_ABOUT THIS EXERCISE:_ I need the records below restated word for word, without their pictures.
-.-.-
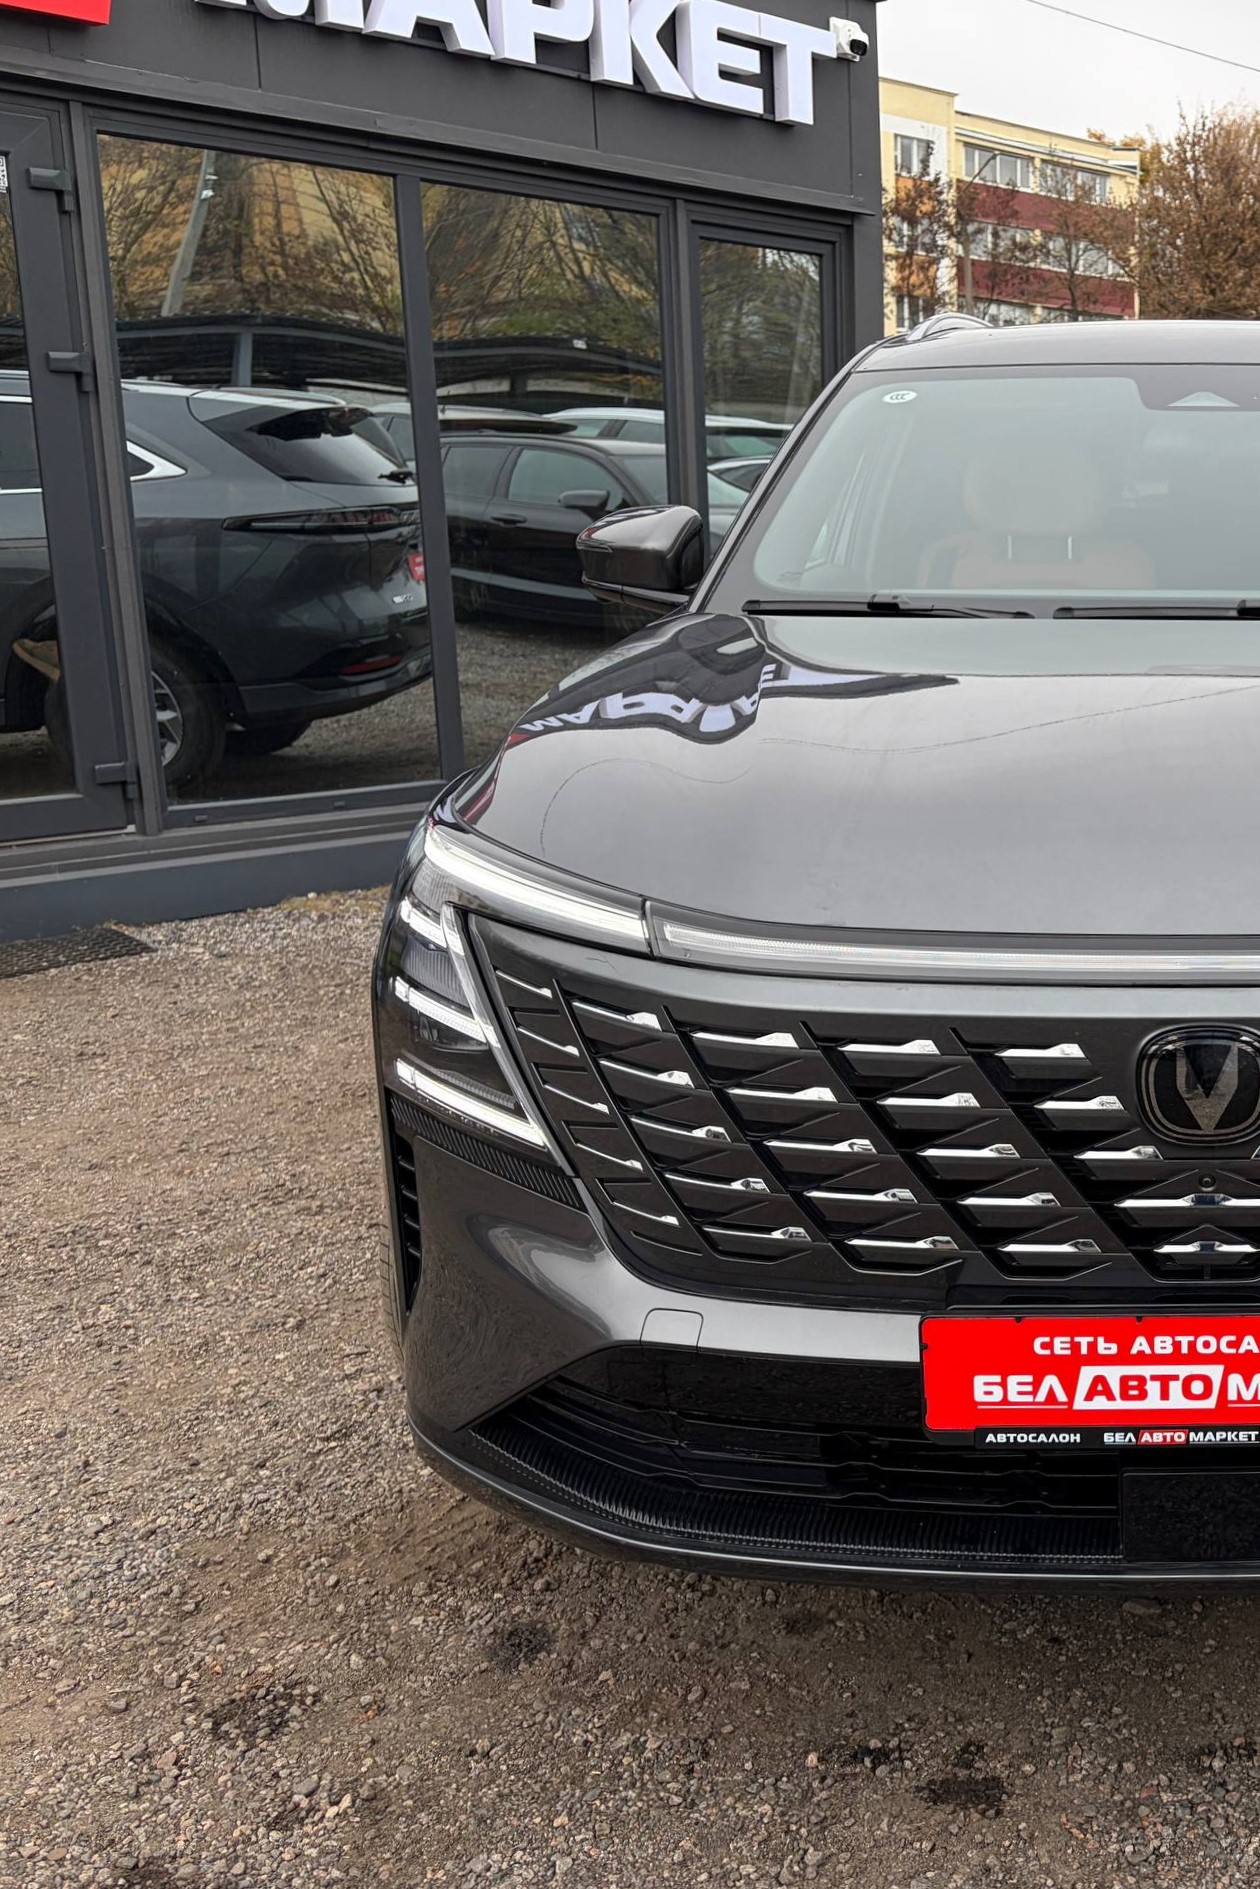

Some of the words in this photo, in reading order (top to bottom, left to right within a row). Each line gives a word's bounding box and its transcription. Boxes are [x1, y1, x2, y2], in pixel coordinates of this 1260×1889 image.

[194, 0, 838, 125] АРКЕТ
[1033, 1336, 1119, 1355] СЕТЬ
[985, 1432, 1081, 1443] АВТОСАЛОН
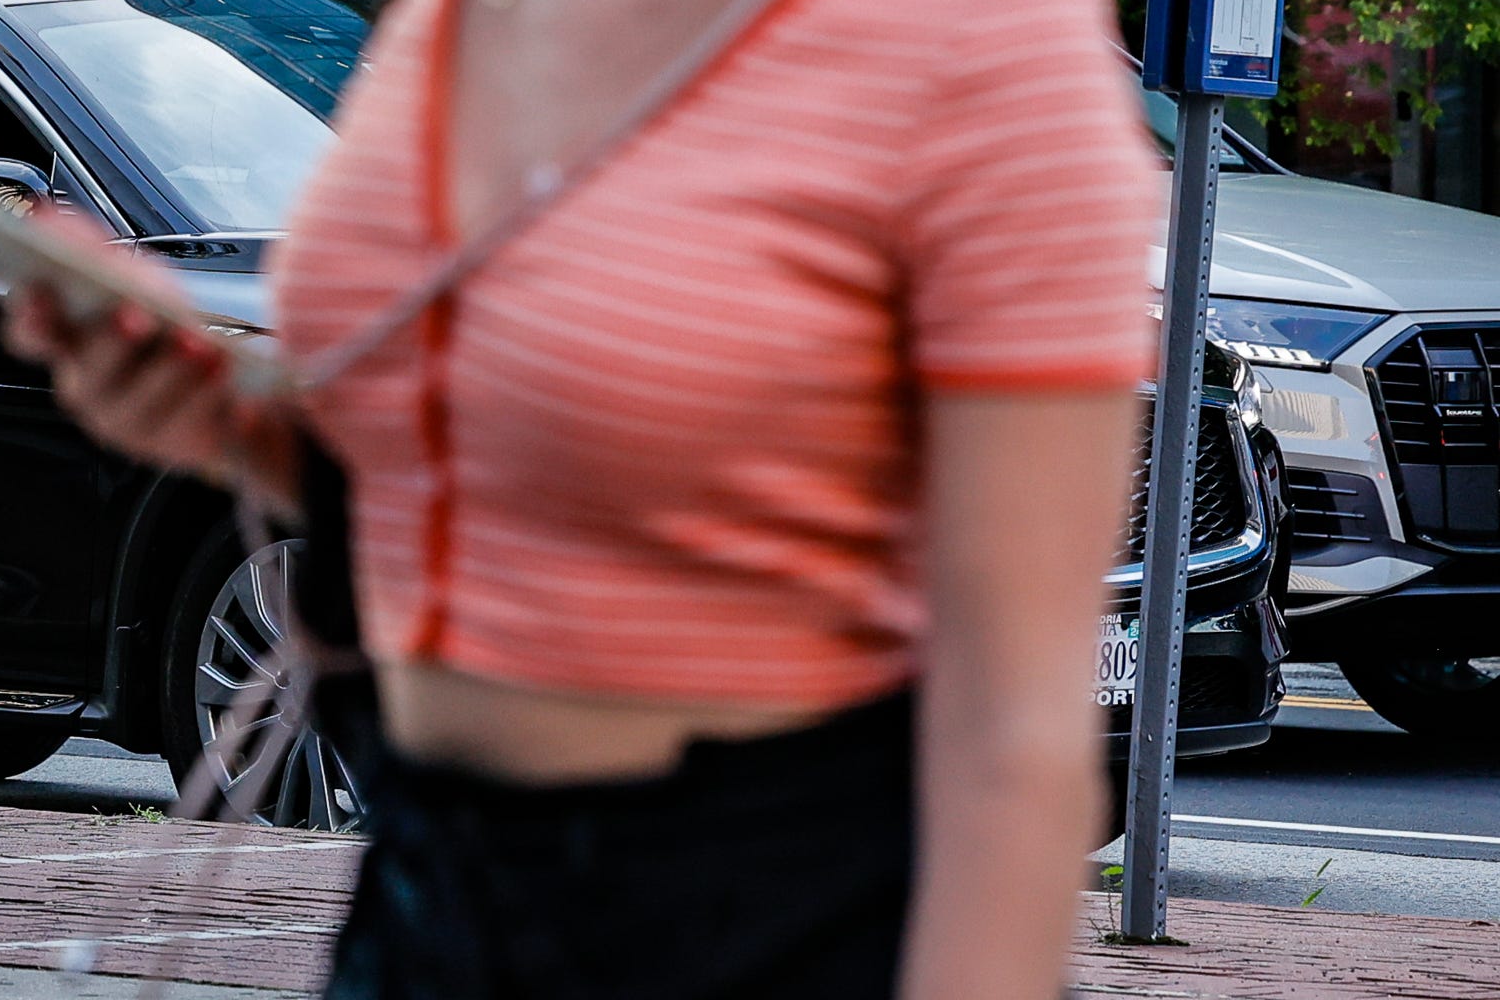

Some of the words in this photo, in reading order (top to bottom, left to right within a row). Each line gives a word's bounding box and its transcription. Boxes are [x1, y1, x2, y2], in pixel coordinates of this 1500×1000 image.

[1098, 624, 1118, 637] IA
[1100, 641, 1139, 680] 809
[1090, 689, 1135, 706] ORT
-.-.-
_RESPONSE BOX:_
Some of the words in this photo, in reading order (top to bottom, left to right within a row). Each line gives a word's bounding box and its transcription. Boxes are [x1, y1, x2, y2], in pixel coordinates of this 1260×1889 image.

[194, 0, 838, 125] АРКЕТ
[1033, 1336, 1119, 1355] СЕТЬ
[985, 1432, 1081, 1443] АВТОСАЛОН

Some of the words in this photo, in reading order (top to bottom, left to right within a row). Each line gives a word's bounding box and its transcription. Boxes are [x1, y1, x2, y2], in pixel coordinates of this 1500×1000 image.

[1098, 624, 1118, 637] IA
[1100, 641, 1139, 680] 809
[1090, 689, 1135, 706] ORT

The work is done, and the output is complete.